Exercise objective: Reproduce the records below exactly, but only between the lines holding "this 1280×1707 image." and "this 1600×1200 image.", inclusive.

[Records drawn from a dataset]
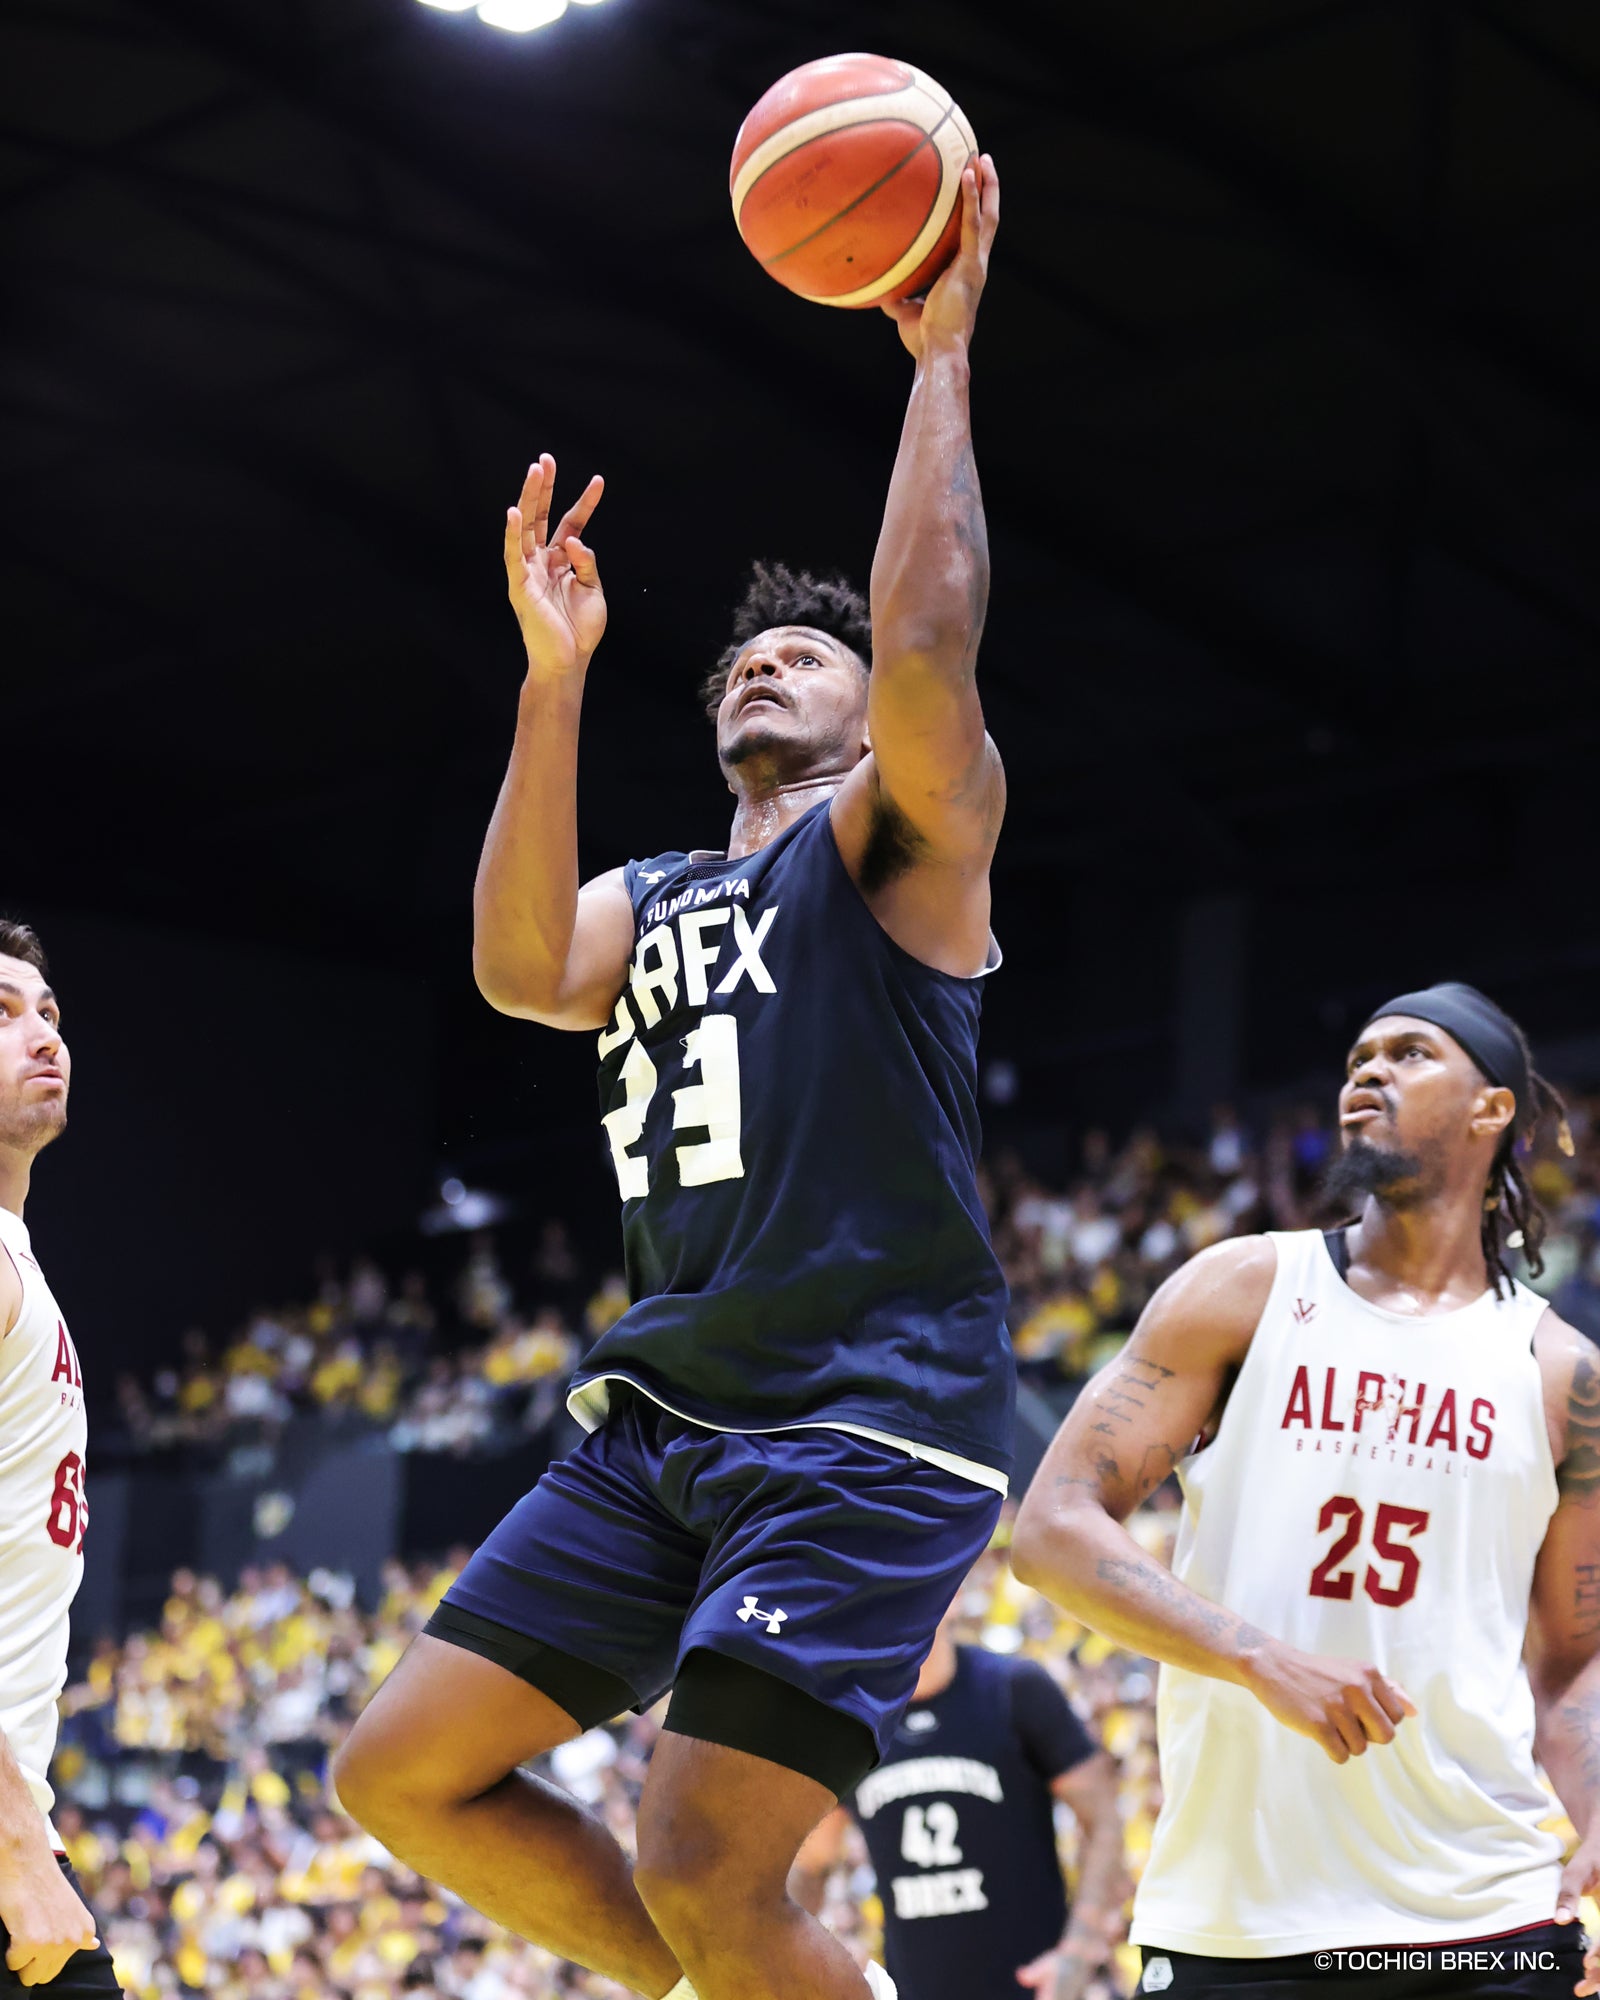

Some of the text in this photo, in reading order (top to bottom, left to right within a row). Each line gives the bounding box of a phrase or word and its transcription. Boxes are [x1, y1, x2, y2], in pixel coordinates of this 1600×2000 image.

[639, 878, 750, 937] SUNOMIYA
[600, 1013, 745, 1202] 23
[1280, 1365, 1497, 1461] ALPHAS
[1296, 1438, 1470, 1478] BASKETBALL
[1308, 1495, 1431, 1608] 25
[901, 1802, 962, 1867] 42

--

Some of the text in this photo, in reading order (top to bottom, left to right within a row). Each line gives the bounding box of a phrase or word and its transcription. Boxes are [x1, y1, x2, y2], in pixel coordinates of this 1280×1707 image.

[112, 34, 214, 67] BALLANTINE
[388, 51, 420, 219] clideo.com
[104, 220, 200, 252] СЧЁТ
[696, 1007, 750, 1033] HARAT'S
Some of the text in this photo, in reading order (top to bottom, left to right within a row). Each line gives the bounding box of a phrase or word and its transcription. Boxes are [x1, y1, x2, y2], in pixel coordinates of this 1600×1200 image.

Output of the task:
Some of the text in this photo, in reading order (top to bottom, left to right within a row). Each line gives the bounding box of a phrase or word and its transcription. Boxes are [x1, y1, x2, y2], in pixel coordinates of this 1280×1707 image.

[112, 34, 214, 67] BALLANTINE
[388, 51, 420, 219] clideo.com
[104, 220, 200, 252] СЧЁТ
[696, 1007, 750, 1033] HARAT'S
Some of the text in this photo, in reading order (top to bottom, left to right within a row). Each line gives the bounding box of a phrase or word and its transcription. Boxes are [x1, y1, x2, y2], in pixel coordinates of this 1600×1200 image.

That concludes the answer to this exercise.